15- ben bekleyemem

403 50 141
                                    

Hwang Hyunjin

**

Adımlarım hiç bu denli sesli olmamıştı.

Anneme daha evvel hiç bu kadar sinirlenmemiştim. Jeongin'in sarayda nerde olduğunu bilmediğimde bile canım yanıyorken burdan gitmesine izin verecek değilim. Annemin bana hiçbir şey sormadan etmeden bu işe kalkışması, bir de Jihyung'a söylemesi sinirlerimi zıplatıyor. Annemin odasına giderken ne düşüdüğümü dahi bilmiyorum. Bu işi halledeceğim, halletmek zorundayım. En son tartışmak istediğim kişi annemken şu an tüm sinirimi ondan çıkarmak istiyorum.

Odasına geldiğimde kapıyı çalmıyorum. "Anne!"

İrkiliyor.
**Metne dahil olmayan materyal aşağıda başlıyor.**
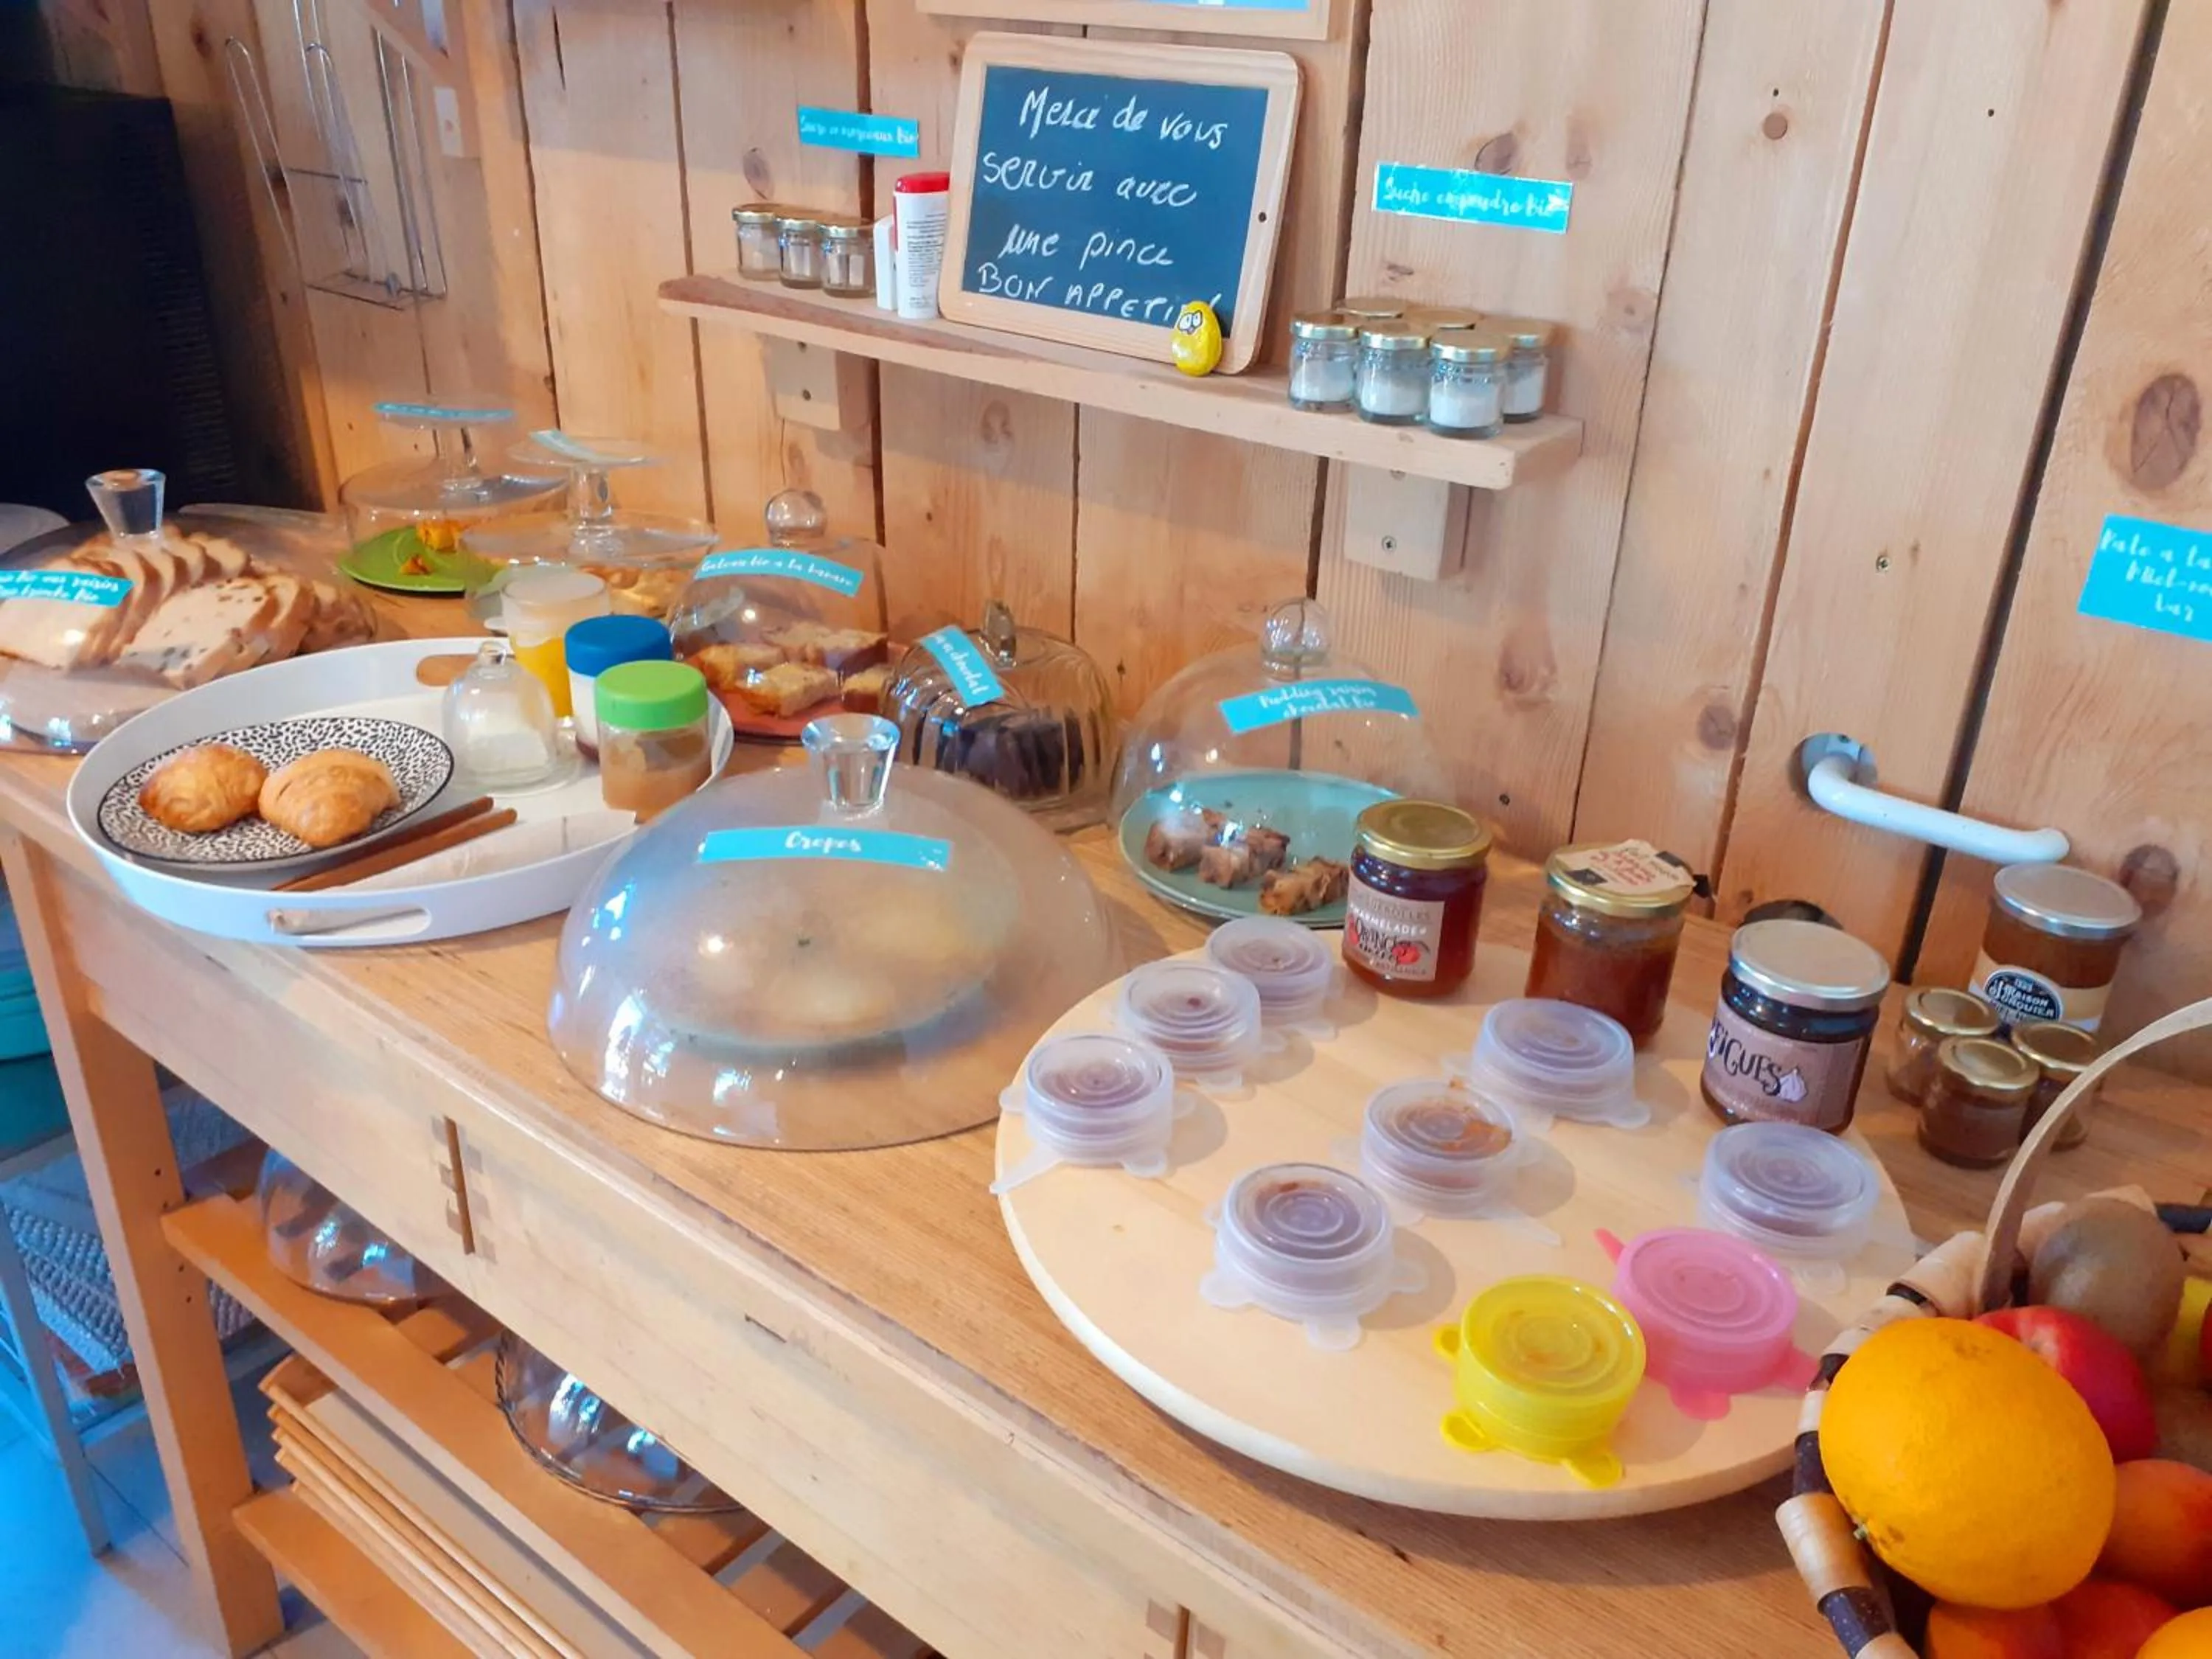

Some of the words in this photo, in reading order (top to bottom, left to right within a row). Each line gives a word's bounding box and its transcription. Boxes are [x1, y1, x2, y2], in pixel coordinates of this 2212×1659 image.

[1112, 95, 1149, 132] de
[1159, 115, 1228, 150] vous
[1116, 177, 1197, 207] avec
[998, 224, 1060, 260] une
[978, 262, 1053, 299] BON
[1064, 282, 1184, 321] APPETI
[1710, 1018, 1782, 1096] FIGUES
Elindeki kitabı bırakıyor. Ayağa kalkıyor. "Ne diye inletiyorsun ortalığı?"

Dişlerimi sıkıyorum. "Jihyung'a ne söyledin?"

Neye kızdığımı çok iyi biliyor. Lafı dolandırıyor. "Çok kibar çocuk. Bazı sualler sordu, yanıtladım ben de elbette."

Ona yaklaşıyorum. Hâlimi görsün ve bana makul bir açıklama yapsın istiyorum. "Anne ne dedin? Ne dedin de bana gelip kafa tutabiliyor?"

Keyif alıyor değil. Zorunda kalmış bir ifadesi var. "Doğruları söyledim. Olması gerekenleri."

Olması gerekenleri bir konuşsak bana hak vereceğini biliyorum. Ciddi bir konu ve sinirime yenik düşmeden savunmak istiyorum. "Jeongin'den ne istiyorsun? Benden ne istiyorsun? Mutlu olmamı istemiyor musun? Bak işte, bak ne kadar mutluyum."

Sakinliği rahatsız ediyor. Annem olduğu için sinirimi gizliyorum fakat devam ederse tutamayabilirim. "Jihyung'dan öğrenmeni istemezdim. Ancak Jeongin senin için iyi değil oğlum. Aptal değilim, görüyorum aranızdakileri."

Aramızdaki duygusal boyutu bildiğini söylüyor. Bu daha da berbat. Ne kadar bahtiyar olduğumu bile bile mi yapıyor tüm bunları? Dişlerimi sıkıyorum yine. "Gördüğün hâlde karşımda mı duracaksın?"

Üzgün bakıyor şimdi de, tek elini omzuma götürüyor. "Bu bir taraf meselesi değil Hyunjin."

Annemin yok yere böyle bir hamle yapmayacağına neredeyse eminim. Gözlerimi sıkıyorum. Epey iddialı bir tahminim var. "Babam mı doldurdu seni? Değil mi? O yaptı." Gözlerini kapatıyor. Devam ediyorum. "Sorun erkek olması mı? Bu yeni bir şey değil senin için. Her zaman biliyordun."

Esas sorunu bilmemek ya da anlayamamak delirtiyor beni. Apaçık bir şekilde izah etsin istiyorum. Tüm anlayışıyla bakıyor bu kez. Çok korkutuyor şimdi söyleyecekleri. "Jeongin senin dengin değil." diyor bir çırpıda. Sanki normal bir şey söylemiş gibi.

Onun anlayacağı dilden yanıtlıyorum ben de. Hem de hiç olmadığım kadar dürüstüm. "Bence de değil. Onu hak etmiyorum ve muhtemelen hiçbir zaman edemeyeceğim."

Eli omzumdan ayrılıyor. Laflarım onu mutlu etmiyor. "Bir kez olsun ciddi olsan? Yaşıtın prensleri biliyorsun. Evlenmeyen tek prens sensin. Ne diyeceğiz? Söyle bana halka ne diyeceğiz Hyunjin?"

Endişelerini anlıyorum. Sahiden anlıyorum. Yıllardır her arzumda önümdeki yekpare engelim. Halk. Halk. Halk. Ancak gelenekleri sürdürüp önüme taş koyarak mutlu bir saray hayatı yaşayacaklarını düşünüyorlarsa epey yanılıyorlar. En kararlı sesimle savunuyorum. "Prens olmayı ben seçmedim. Jeongin'i yollamana da izin vermeyeceğim. O giderse ben de onunla giderim. Biliyorsun giderim."

Yüzünü eğiyor. Benimle bu konuşmayı yapmak istemediği çok bariz. Burun kemerini tutuyor iki parmağıyla. Sesi boğuk geliyor. "Prenses Jeon'la evleneceksin. Sonra ne halt yiyorsan ye. Kim olmak istiyorsan ol. Jeongin dışında."